The Fabric of a People: United in the Struggle for Justice and Dignity

  The Fabric of a People: United in the Struggle for Justice and Dignity

Many will agree that the past few months have posed many challenges to Palestinian unity; yet, when reading the stories of Palestinian refugees and internally displaced scattered around the world, one cannot but feel the symbiotic union of a people; something that transcends borders and politics, “something of the heart”, as a boy in the Al-Wihdat refugee camp puts it.

  This special Nakba 60 issue of al Majdal aims to honor the 7 million Palestinian refugees and internally displaced who live in forced exile today.
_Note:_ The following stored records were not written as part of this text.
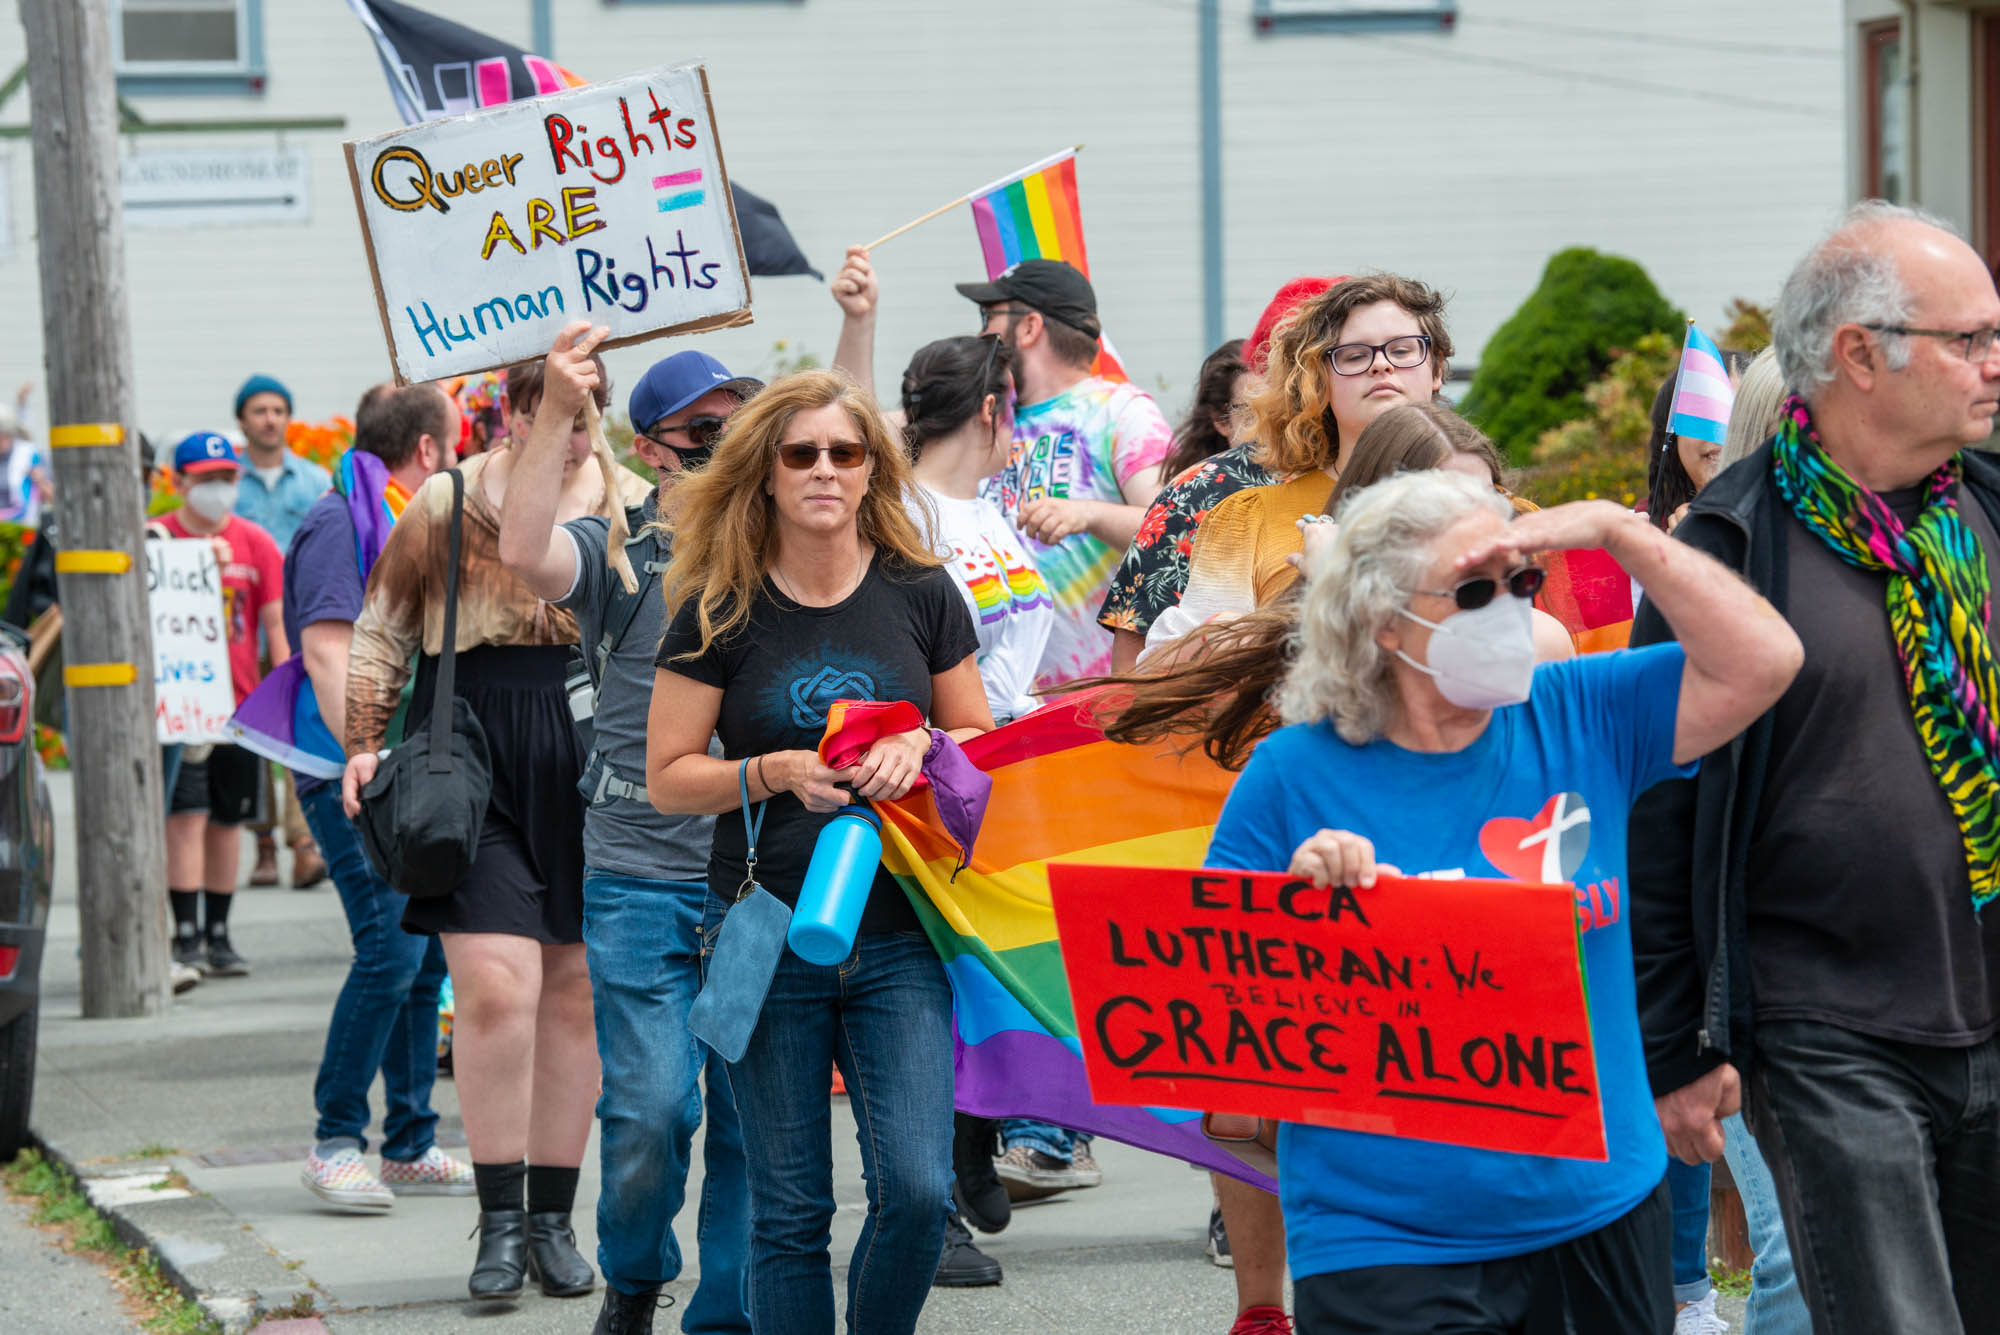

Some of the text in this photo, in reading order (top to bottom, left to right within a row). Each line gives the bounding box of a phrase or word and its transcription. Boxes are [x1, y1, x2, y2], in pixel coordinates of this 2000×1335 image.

[371, 86, 697, 215] Queer Rights
[480, 186, 608, 261] ARE
[405, 230, 721, 357] Human Rights
[156, 613, 219, 641] rans
[1191, 876, 1371, 928] ELCA
[1108, 918, 1504, 998] LUTHERAN: We
[1208, 983, 1421, 1018] BELIEVE IN
[1095, 994, 1591, 1097] GRACE ALONE
Voices, from Chile to Gaza, that come together to tell of their love and longing for their home, land and people; voices that call for humanity, justice and dignity – and for return, the return of rights, all rights.
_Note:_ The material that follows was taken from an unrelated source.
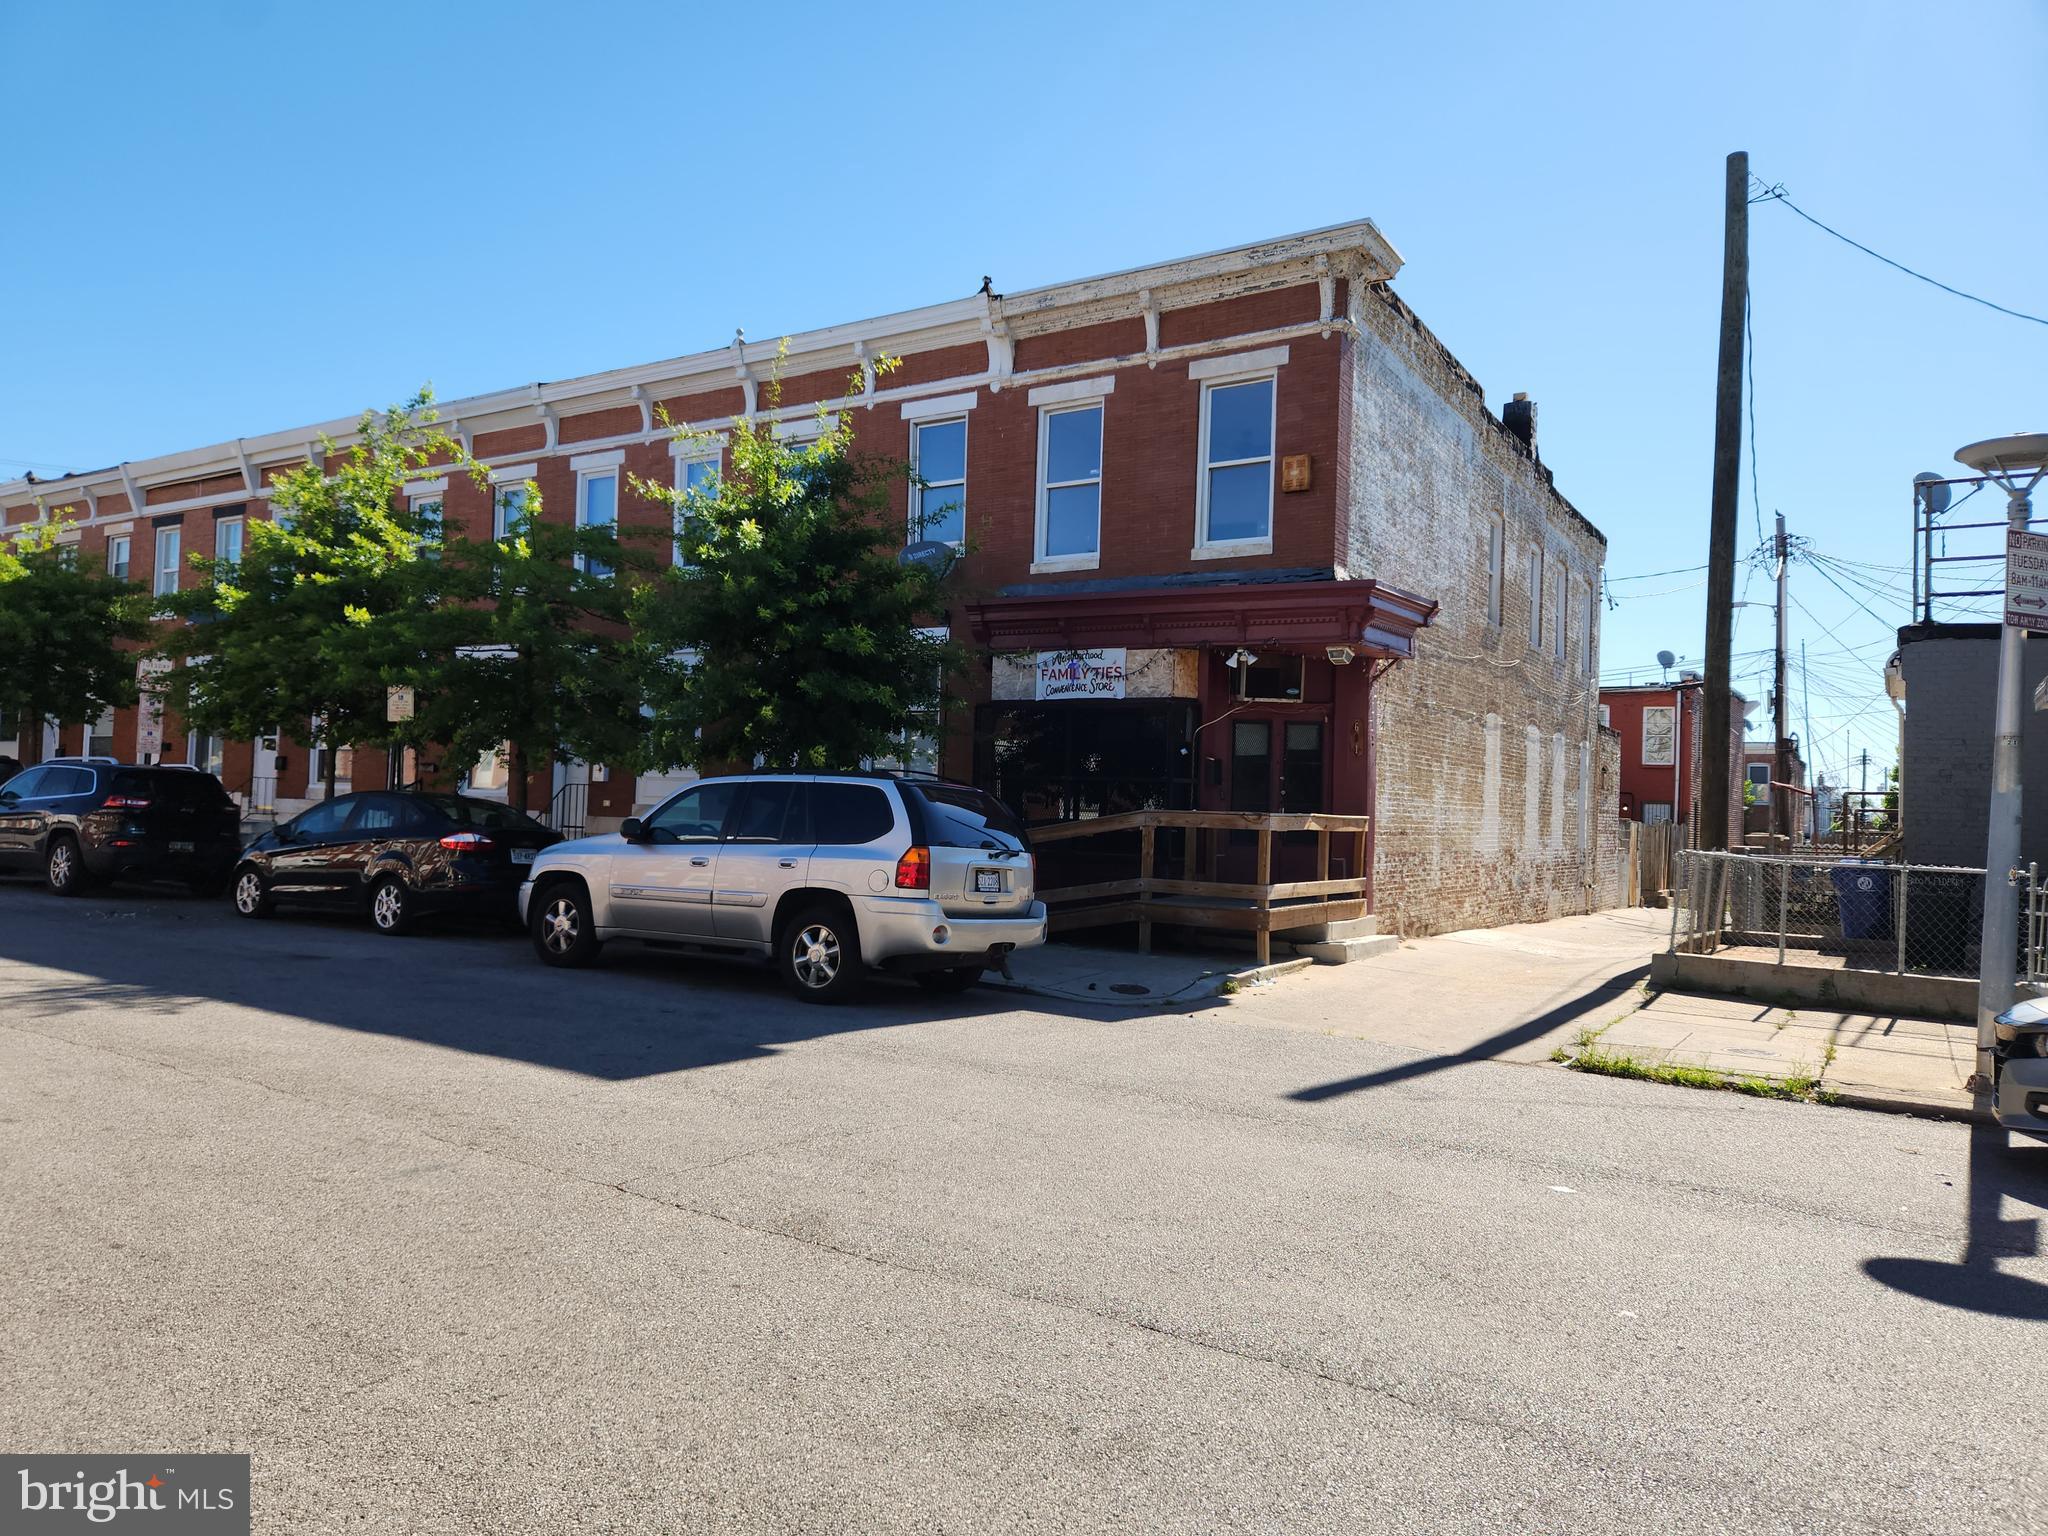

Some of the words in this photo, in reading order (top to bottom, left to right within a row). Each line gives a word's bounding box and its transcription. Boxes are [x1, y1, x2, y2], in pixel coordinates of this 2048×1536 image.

A demand, after 60 years of ongoing dispossession and displacement, that is stronger than ever. Palestinians - the indigenous people of the land which is now Israel and the occupied Palestinian territory - are suffering from historic injustices as a result of the colonization and dispossession of their lands, territories and resources. They are struggling against an ideology - Zionism – that contends that there should be a Jewish State in ‘Eretz Israel’ - a territorial construct that includes all of the land of Mandate Palestine, and upon which a Jewish majority should be created and maintained. Concretely, this means that Palestinians are faced with discriminatory policies and practices that violate their fundamental rights, notably their rights to self-determination, equality, and return.
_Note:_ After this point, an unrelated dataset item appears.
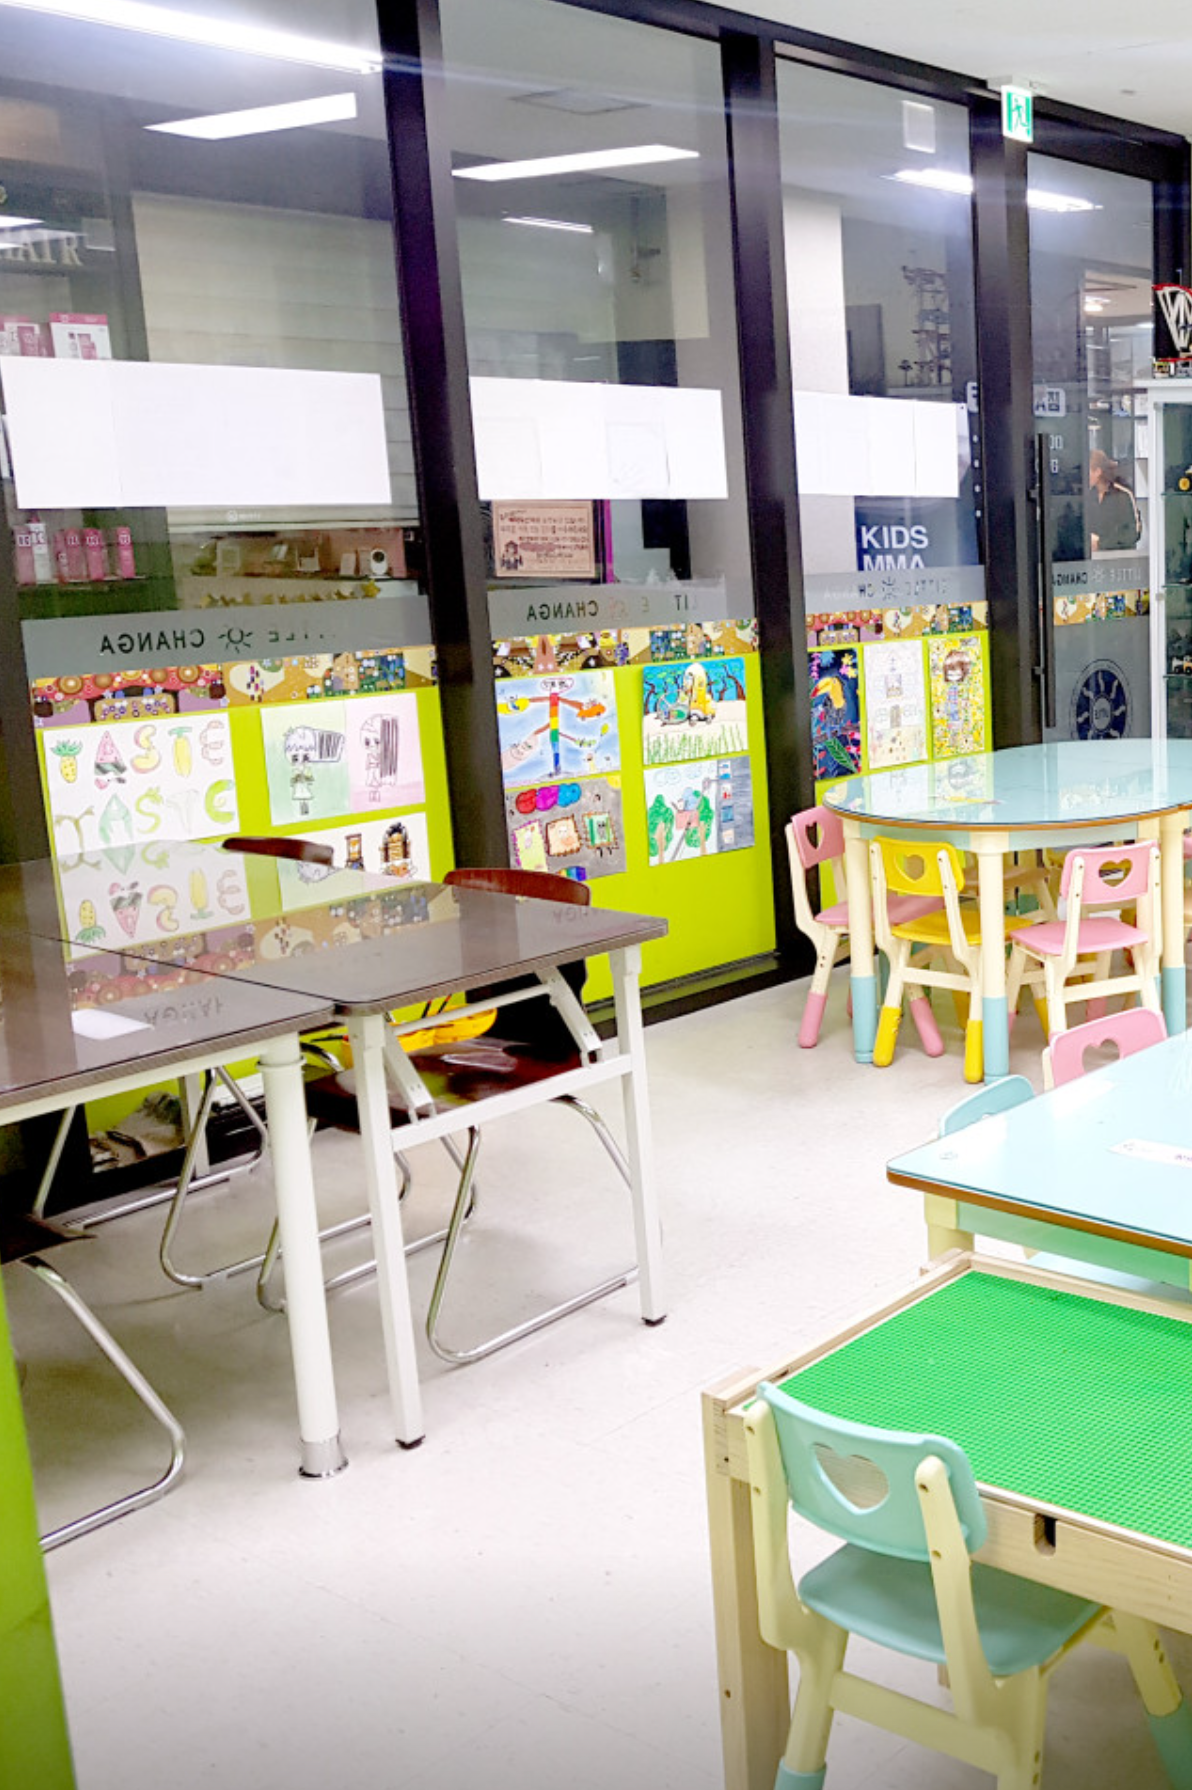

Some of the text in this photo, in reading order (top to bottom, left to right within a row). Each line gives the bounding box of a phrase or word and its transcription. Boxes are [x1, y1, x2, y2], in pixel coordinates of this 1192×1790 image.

[861, 525, 929, 549] KIDS
[863, 554, 925, 571] MMA
[50, 718, 225, 787] TASTE
 Despite violations of their fundamental rights, Palestinians remain steadfast and committed to regain the justice and dignity they have been denied for the past 60 years. They know they are the indigenous people of this land and that they will return, because they are Palestine. As Mahatma Gandhi wrote in 1938:

Palestine belongs to the Arabs in the same sense that England belongs to the English or France to the French. It is wrong and inhuman to impose the Jews on the Arabs. What is going on in Palestine today cannot be justified by any moral code of conduct. The mandates have no sanction but that of the last war. Surely it would be a crime against humanity to reduce the proud Arabs so that Palestine can be restored to the Jews partly or wholly as their national home.

--Mahatma Gandhi, “The Jews In Palestine”, The Harijan, 26 November 1938.